A friend sent me this a couple of days ago:
“The Austrians Were Right” by Ron Paul
I’ve recently run across the Austrians a bit while listening to some podcasts on RAI3 from an economic conference held by Italian economists a couple of weeks ago in Italy. Most of these guys are not of the Austrian school, but in a little research on the ideas I’ve run across the Austrians a bit. It looks like interesting stuff.
One of the Italian economists, Leonardo Becchetti, described his idea of the market as a cartoon that he has in mind (no one has ever done it). In it a little guy named Market (Mercato) is being beaten up by two big brutes named Oligopoly (Oligopolio) and Informational Asymmetry (Asymmetria Informativa), while an intellectual observing the scene cries “Laissez faire!”
What I cannot understand is how a totally free market avoids exactly the cartoon scenario described by Becchetti. In other words, who/what insures a reasonably level playing field, when every tendency is otherwise? After all, Adam Smith has blessed selfish action for the last two hundred years, so market players are free to gain what advantage they can, however they can; one need not think at all about the other. A few of my outstanding questions follow.
First, how does a system prevent the emergence of a few powerful players that non only dominate but control the markets — not the regulators of a system, but the system itself? A free market by definition would seem to preclude the sort of regulation that would oversee the level playing field.

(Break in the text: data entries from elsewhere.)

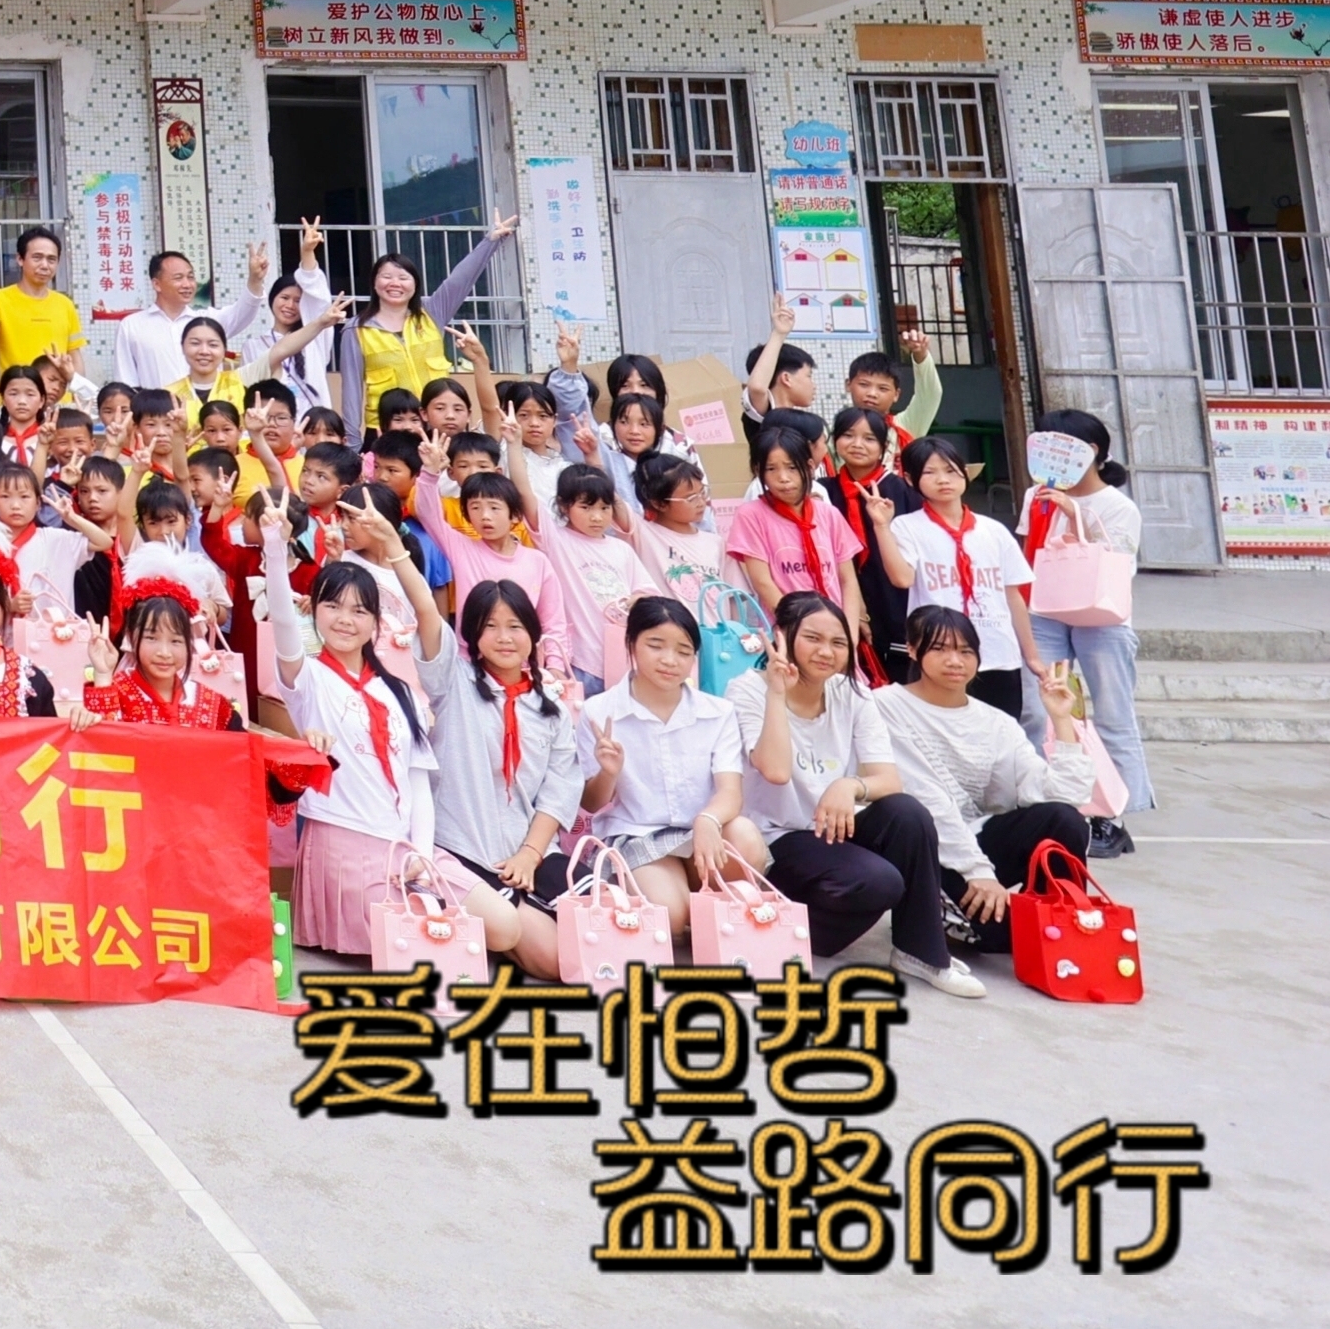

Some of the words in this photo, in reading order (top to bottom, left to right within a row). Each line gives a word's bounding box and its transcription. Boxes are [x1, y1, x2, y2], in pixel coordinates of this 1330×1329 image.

[326, 2, 498, 23] 爱护公物放心上，
[1157, 7, 1307, 30] 谦虚使人进步，
[283, 26, 456, 47] 树立新风我做到。
[1115, 32, 1266, 55] 骄傲使人落后。
[793, 136, 842, 153] 幼儿班
[777, 174, 849, 191] 请讲普通话
[779, 196, 851, 212] 请写规范字
[94, 192, 115, 292] 参与禁毒斗争
[115, 192, 135, 292] 积极行动起来
[924, 561, 1004, 593] SEAATE

Second, not just informational asymmetry is a problem, but comprehensional asymmetry; in general a populace will not and cannot have either the comprehension or information to understand what market players are trying to put over on them to gain competitive advantage.
Third, how does one preclude industry influencing or outright regulating government to its own advantage, as happened in the CFMA and similar examples?
A fourth point, as much an observation as a question, is that there seems to be a new economic field called “behavioral economics” which considers psychology as well as a pure mathematical approach to economics. This is emerging to try and factor in that in some cases people do not act in their own best interest,
abundantly clear in the current economic squeeze. When do markets fail for reasons other than economic?